Data listing =>

◇ ◇ ◇ ◇ ◇ ◇ ◇

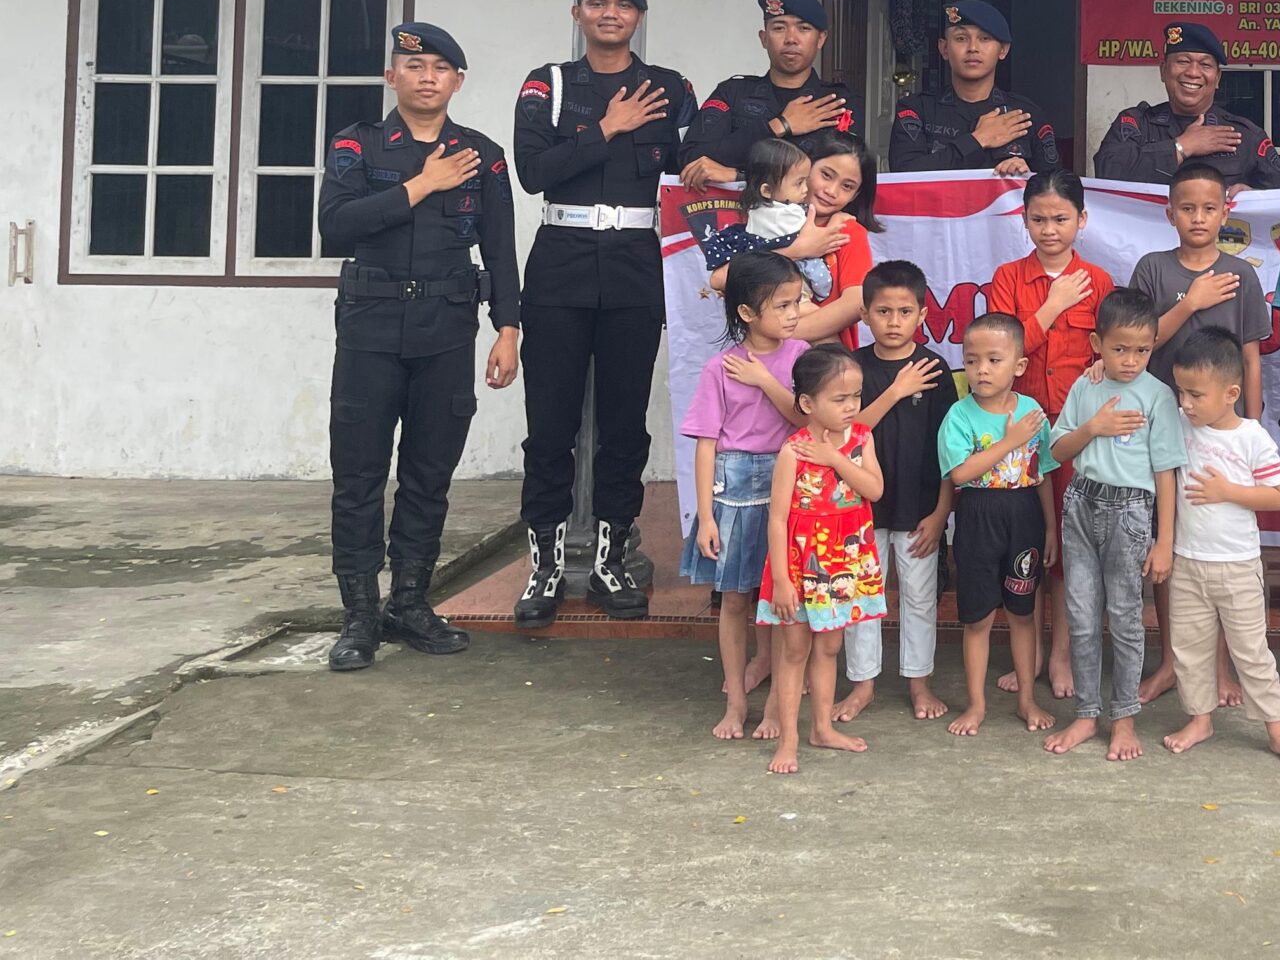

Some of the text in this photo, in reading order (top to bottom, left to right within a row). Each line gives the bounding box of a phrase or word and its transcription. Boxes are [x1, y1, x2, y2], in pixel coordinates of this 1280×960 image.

[1153, 0, 1225, 14] REKENING
[1239, 2, 1260, 14] BRI
[1238, 18, 1260, 30] An.
[1098, 40, 1159, 59] HP/WA.
[925, 124, 960, 137] RIZKY
[686, 200, 713, 214] KORPS
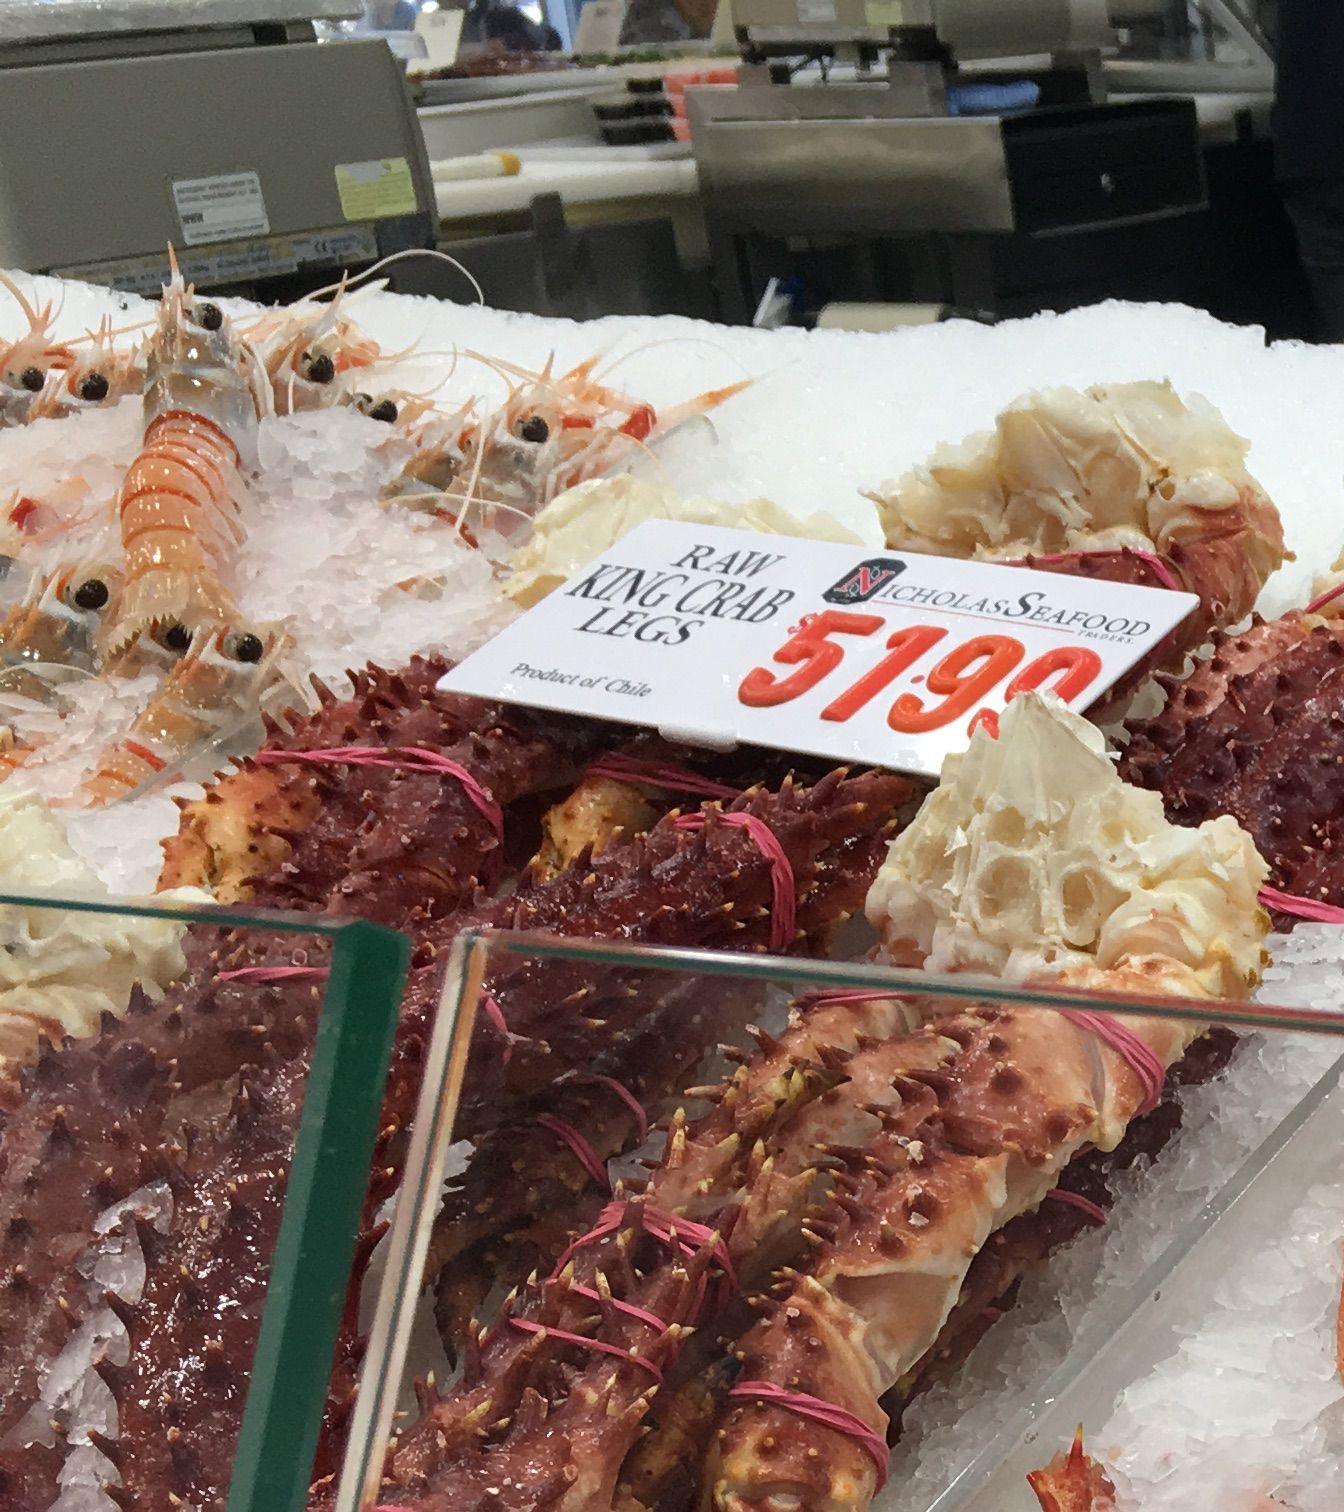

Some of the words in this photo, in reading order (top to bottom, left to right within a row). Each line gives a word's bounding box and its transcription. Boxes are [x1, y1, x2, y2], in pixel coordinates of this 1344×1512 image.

◇ ◇ ◇ ◇ ◇ ◇ ◇

Assignment => Text only, please: give the listing again word for word with no images.

Task output =>
Some of the text in this photo, in reading order (top to bottom, left to right within a row). Each line gives the bounding box of a phrase or word and its transcription. Boxes are [x1, y1, x2, y2], in pixel coordinates of this 1280×960 image.

[1153, 0, 1225, 14] REKENING
[1239, 2, 1260, 14] BRI
[1238, 18, 1260, 30] An.
[1098, 40, 1159, 59] HP/WA.
[925, 124, 960, 137] RIZKY
[686, 200, 713, 214] KORPS

Some of the words in this photo, in reading order (top to bottom, left to right within a row). Each line gives a word's bounding box and its transcription. Boxes are [x1, y1, x2, y2], in pixel coordinates of this 1344×1512 image.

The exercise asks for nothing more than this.